– Где, на фонарных столбах? Ты ведь известный бандит, да?
– Я бы так не сказал. По молодости у меня были небольшие нелады с законом, ну знаешь, как это часто случается с парнями.
– Не знаю. Расскажи.
– Да ничего особенного, легкое недоразумение с дочкой муниципального советника и позаимствованным на время авто. Но последствия… Последствия оставили глубокий след в моей жизни. После тридцати дней отсидки со стукачами и гомиками я получил кое-какие поблажки за образцовое поведение. Меня перевели в другую камеру для таких же, как я, на втором этаже, рядом с кухней. Все заключенные, заслужившие поблажки, имеют доступ на кухню. Не пробыл я «хорошистом» и недели, как с кухни пропали три ножа и тесак с семнадцатидюймовым лезвием. Естественно, в краже заподозрили кого-то из «хорошистов». Караульные перевернули вверх дном все наши камеры и холл, где стоял телевизор, но ничего не нашли. Тогда нас выстроили в коридоре под охраной целой роты конвоиров с водометами и слезоточивым газом. По одному нас заводили в маленькую комнатку, где были еще несколько охранников и капитан с фонарем, и заставляли раздеваться. Мне приказали повернуться спиной, нагнуться и раздвинуть ягодицы, чтобы они могли заглянуть мне в прямую кишку и убедиться, что я не прячу там три столовых ножа и тесак с лезвием в семнадцать дюймов. Само собой, ножей в наших задницах они не нашли, зато обнаружили четыре куска мыла, фотографию с разворота «Плейбоя», три кубика льда, пять перьев, Атлантиду, греческого делегата съезда Партии Мальчиков, пирог с напильником внутри, Рождество со снегопадом, Рождество без снегопада, Пабло Пикассо и его брата Элмера, бутерброд с чепухой и горчицей, двух японских пехотинцев, не знавших об окончании Второй мировой войны, князя Бастера Кливлендского, лодку со стеклянным днищем, завещание Говарда Хьюза,[58] вставную челюсть, Амелию Эрхарт,[59] первые четыре такта «Недостижимой мечты» в исполнении хора блэк-маунтинского колледжа, завещание Говарда Хьюза (второй вариант), вдову Неизвестного Солдата, шесть диких голубей, мораль среднего класса, Великий Американский роман и два банана.

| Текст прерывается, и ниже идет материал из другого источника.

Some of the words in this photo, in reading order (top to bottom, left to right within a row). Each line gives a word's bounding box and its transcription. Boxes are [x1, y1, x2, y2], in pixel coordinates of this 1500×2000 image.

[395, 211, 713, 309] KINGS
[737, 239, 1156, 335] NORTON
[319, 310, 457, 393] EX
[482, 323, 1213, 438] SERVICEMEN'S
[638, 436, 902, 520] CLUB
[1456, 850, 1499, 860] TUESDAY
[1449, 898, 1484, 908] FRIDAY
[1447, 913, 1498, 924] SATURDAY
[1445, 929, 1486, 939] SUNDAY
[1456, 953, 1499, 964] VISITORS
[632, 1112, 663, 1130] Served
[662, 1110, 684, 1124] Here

– Черт подери! – воскликнула принцесса, не зная, то ли ей рассмеяться, то ли прыгнуть за борт. – Да кто ты вообще такой и что за игру ведешь?

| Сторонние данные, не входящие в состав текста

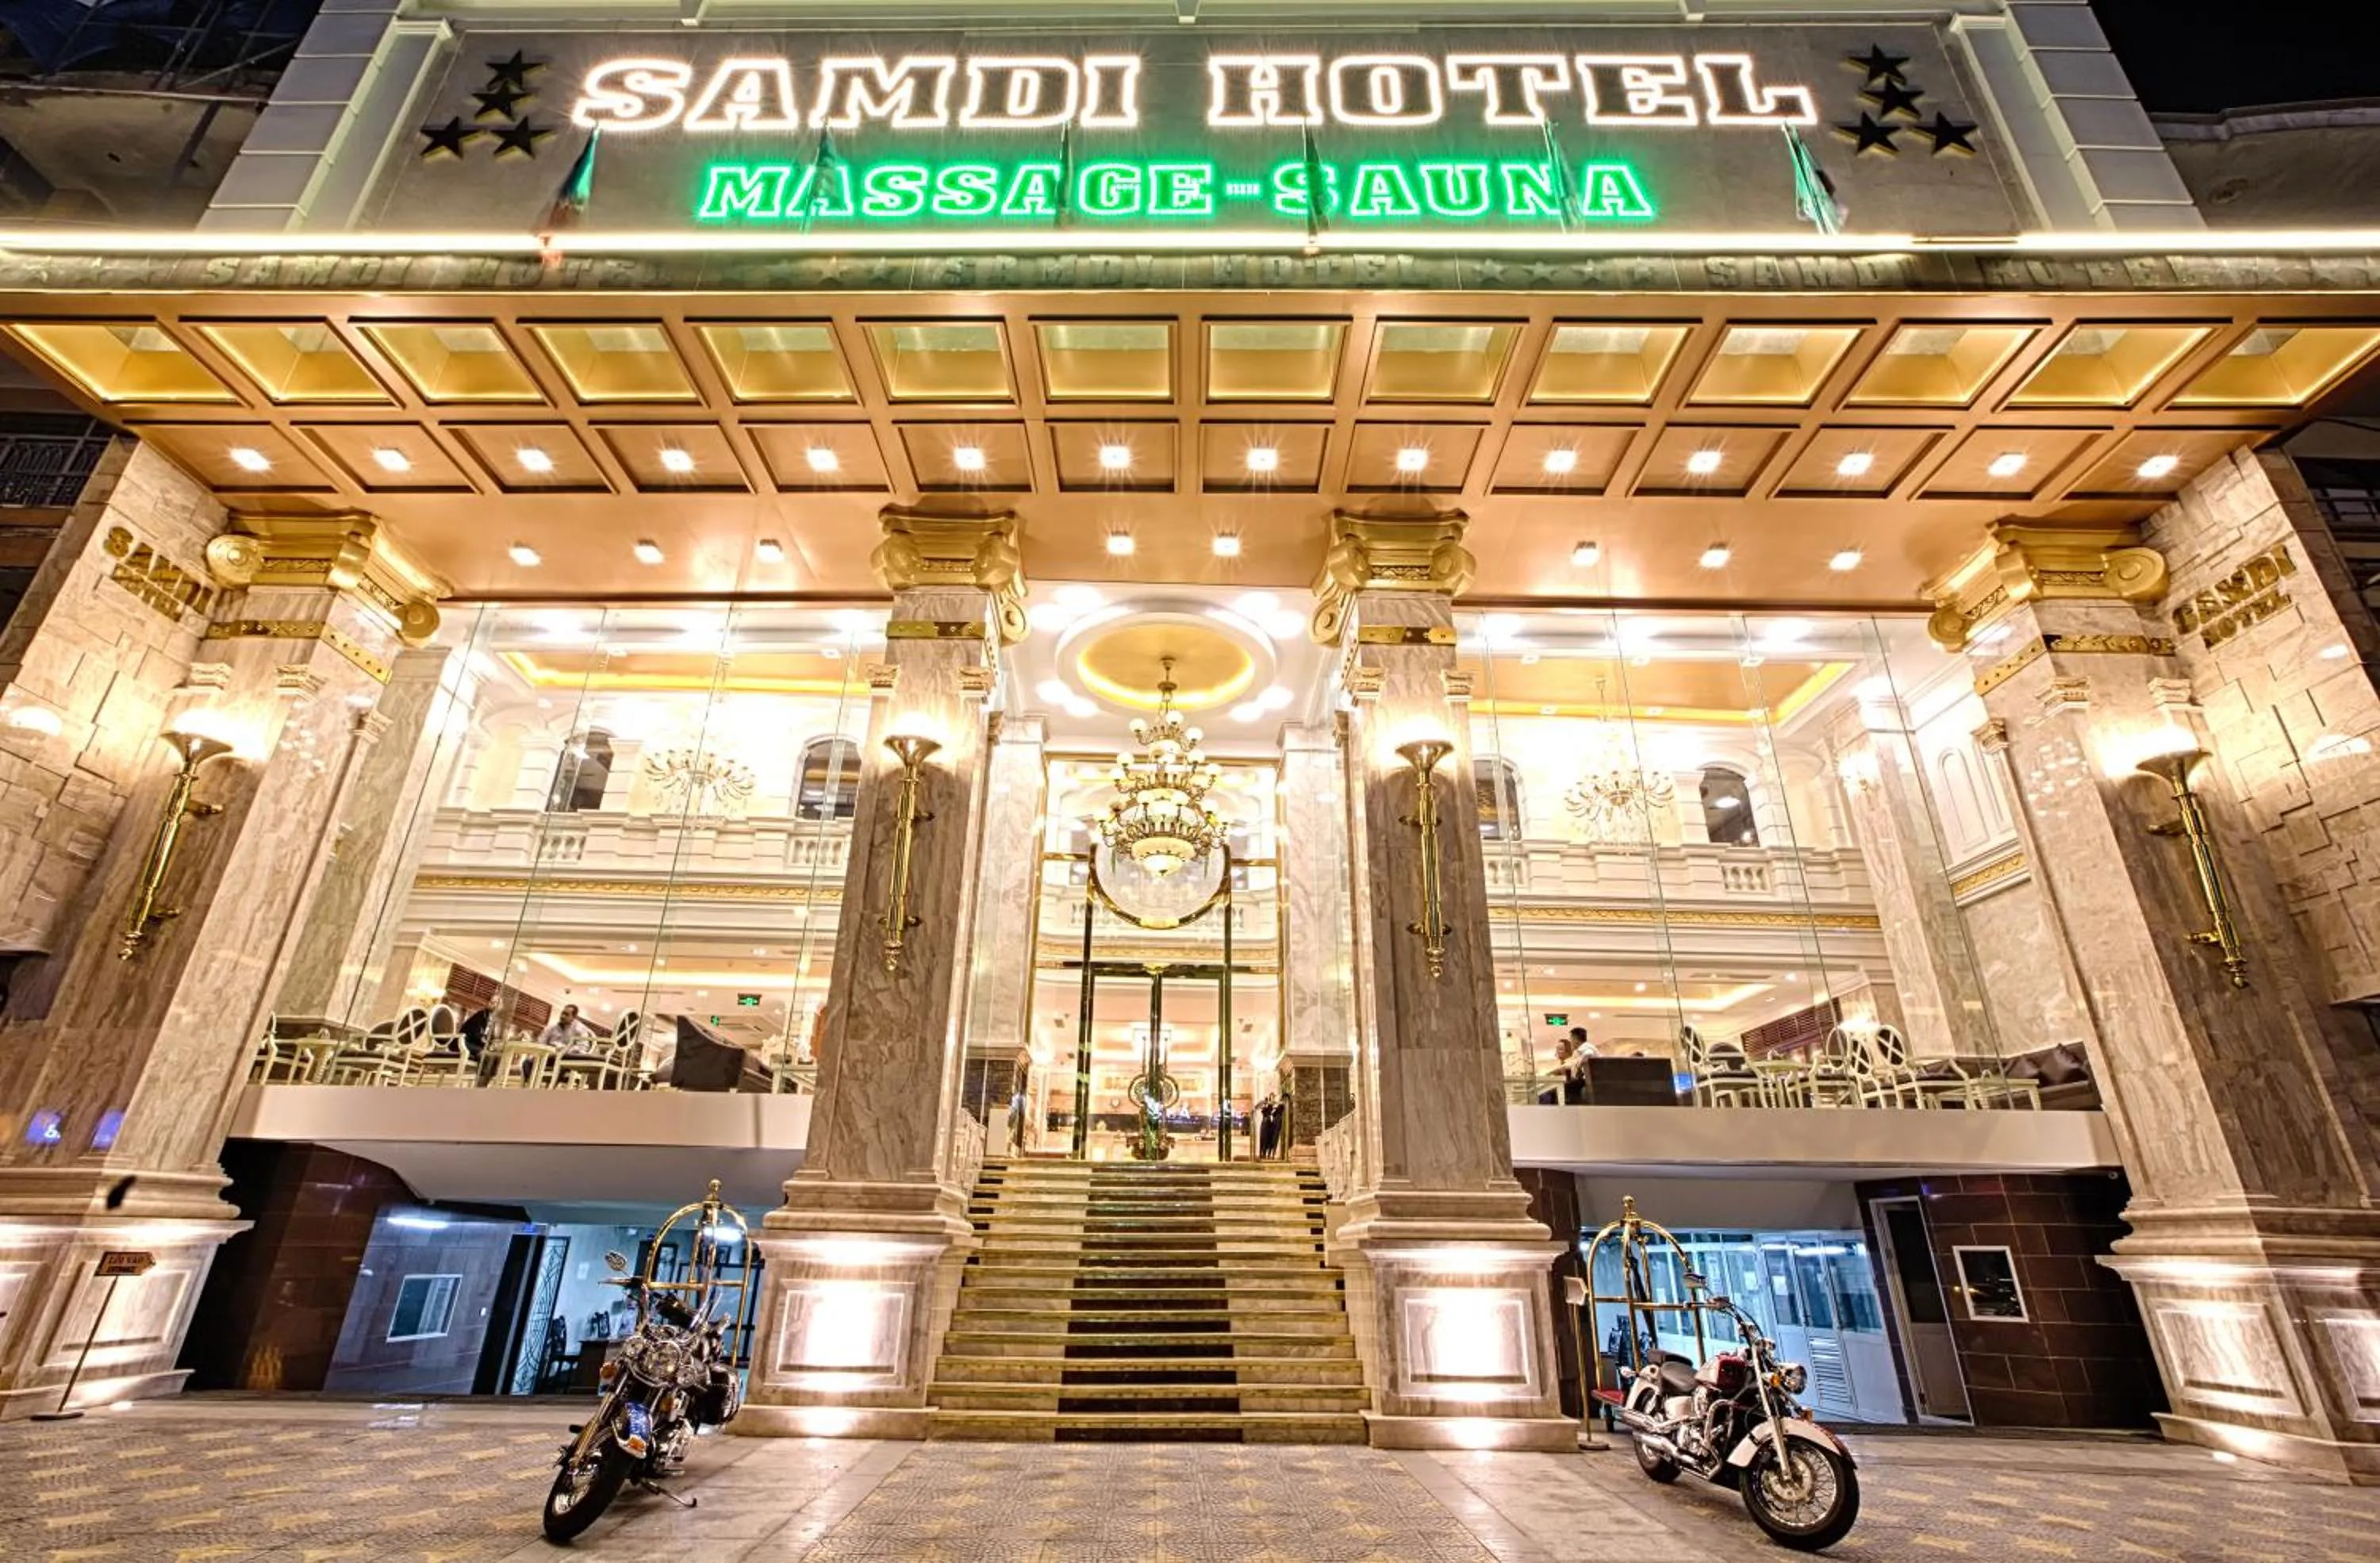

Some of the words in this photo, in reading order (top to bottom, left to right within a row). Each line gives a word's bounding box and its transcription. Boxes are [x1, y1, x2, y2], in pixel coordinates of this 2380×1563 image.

[570, 54, 1142, 132] SAMDI
[1206, 52, 1819, 126] HOTEL
[200, 255, 412, 286] SAMDI
[2172, 543, 2297, 636] SAMDI

– Меня зовут Дятлом, и я – бунтарь. Меня ищет полиция пятидесяти штатов и Мексики. Приятно, когда тебя хотят найти. Было бы здорово, если бы ты тоже меня захотела. Честно говоря, я убрал маскировку в надежде, что ты посмотришь на меня по-новому, и сердце твое растает. Ну вот, я раскрыл все карты – это выражение наверняка знакомо твоему дражайшему папеньке.
– Бог ты мой! Дятел! Бернард Рэнгл. И как я сразу не догадалась!
Самоуверенная улыбка наконец исчезла с лица Бернарда. Если бы улыбки улетали, то дерзкая ухмылка Дятла отправилась бы по адресу «Луна, до востребования». Бернард посмотрел на Ли-Шери с той наклеенной на лицо серьезностью, какую изображают комедийные актеры, получившие возможность сыграть Гамлета. И все же в его взгляде сквозили неподдельная нежность и тоска.
– Так сразу мне все это не переварить, – заявила принцесса. Несмотря на то что вокруг нее колыхались волны зноя, ее бил озноб. С чего ей вдруг вздумалось припереться на лодку самой? Можно было просто послать сюда полицию. – Мне пора на симпозиум. – Семинар по вопросам планирования семьи начинался через семь минут.
Бернард неуклюже попытался помочь Ли-Шери сойти с лодки, но она словно и не заметила его руки. Принцесса поспешила прочь, и лохматый зонтик затрепыхался на ветру, как облезлый хвост оборотня. На бегу она обернулась и крикнула:
– Знаешь, а тебя все равно поймают!
К Бернарду частично вернулась его улыбка.
– Они никогда меня не поймают. Бунтаря нельзя покорить. Наказанием для него может стать только грубое отношение со стороны окружающих. Вот ты, например, своим отношением сейчас причиняешь мне боль.
36
После того как организаторы глобального симпозиума по вопросам спасения Земли объявили о своем проекте, на них обрушился поток заявок от производителей и распространителей «экологически чистой» продукции: все они добивались льготных условий, чтобы представить на конференции и продвинуть на рынок свои новинки – различные чаи и настои лекарственных трав, спальные мешки, ванны, типи и ветряные мельницы, устройства для опреснения воды и очистки воздуха, дровяные печки и замороженные йогурты, изделия народного промысла, книги, туристское и спортивное снаряжение, биомагнитное белье и печенье из бобов рожкового дерева. Организаторы на это не согласились. Не то чтобы они выступали против ярмарки экологических товаров, просто главной целью симпозиума, по их выражению, было «продвижение идей, а не материальных объектов».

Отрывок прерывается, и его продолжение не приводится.